Accelerated BSN or MSN, which is smarter?

  1. Hi, Everybody,

    I'm a new member and this is my first post. I wonder if any of you all would have some advice as to which nursing program I should choose? I'm starting my third career (in my fifties!) and I can't afford a bad career choice at this point.

    Here's my goal--as far as I can formulate a goal having never nursed before!

    First choice: become a Nurse Educator and eventually teach in a college or university college. (this is a logical goal, since I taught for 10 years and loved all but the discipline. Presumably I wouldn't need to send nursing students to detention!)

    Second choice: become a Nurse Practitioner? or better, combine this in a practice with educating--best of both worlds.

    I've been accepted to two East coast schools that stand high in all the ratings I can find. They cost about the same (staggering amounts).

    One college offers an accelerated BSN + 15 credits towards a Masters.

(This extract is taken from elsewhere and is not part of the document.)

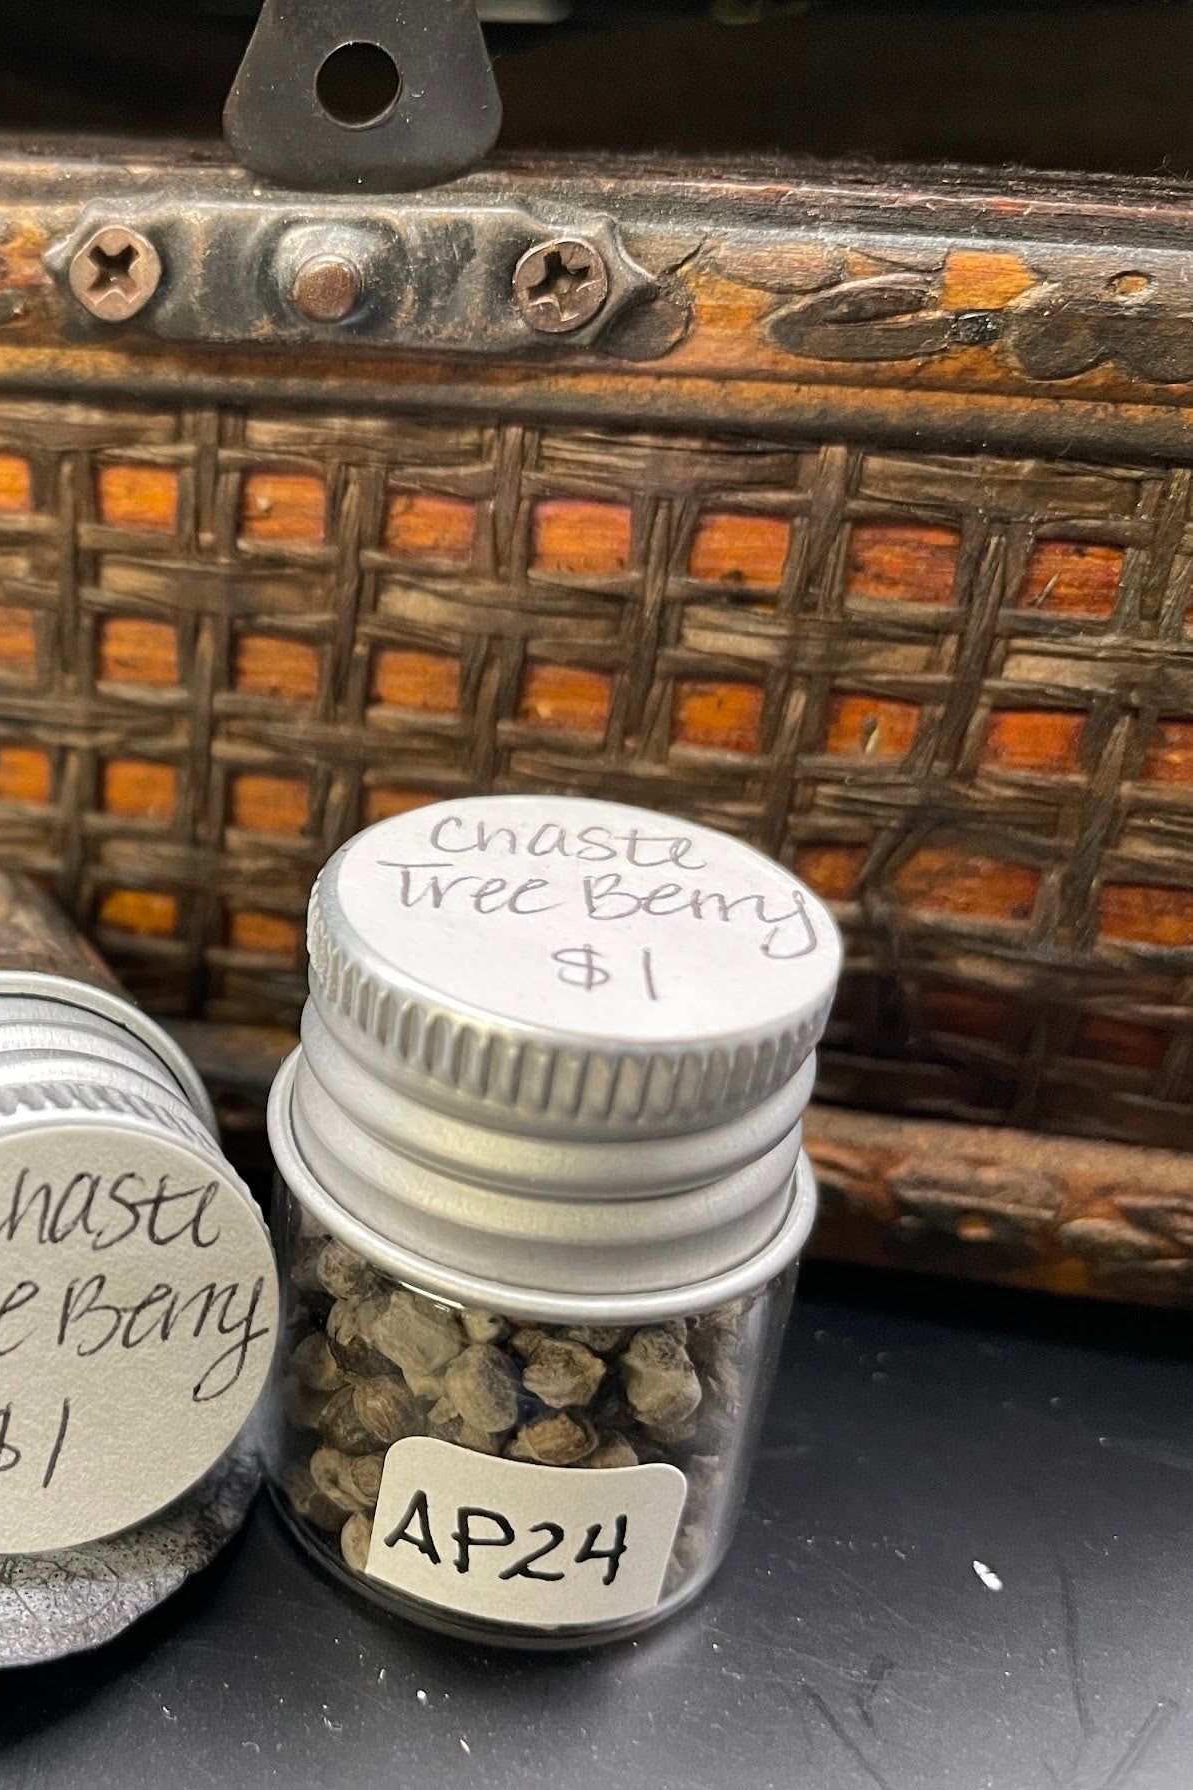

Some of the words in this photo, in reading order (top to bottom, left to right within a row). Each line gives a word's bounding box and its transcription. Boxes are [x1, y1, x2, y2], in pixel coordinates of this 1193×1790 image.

    The other offers an accelerated MSN, training me as Clinical Nurse Leader, whatever that may be. a generalist?

    My question is, given my end goal, would either be the better course of study? Will I face job discrimination later, if I don't first earn a BSN? (The MSN offers plenty of clinical hours).

    If I go the BSN route, then I'll need to get a specialized MSN, and NP, I presume, to reach my goal.

    If I go the MSN route, I'll need to get at least a certificate for an NP.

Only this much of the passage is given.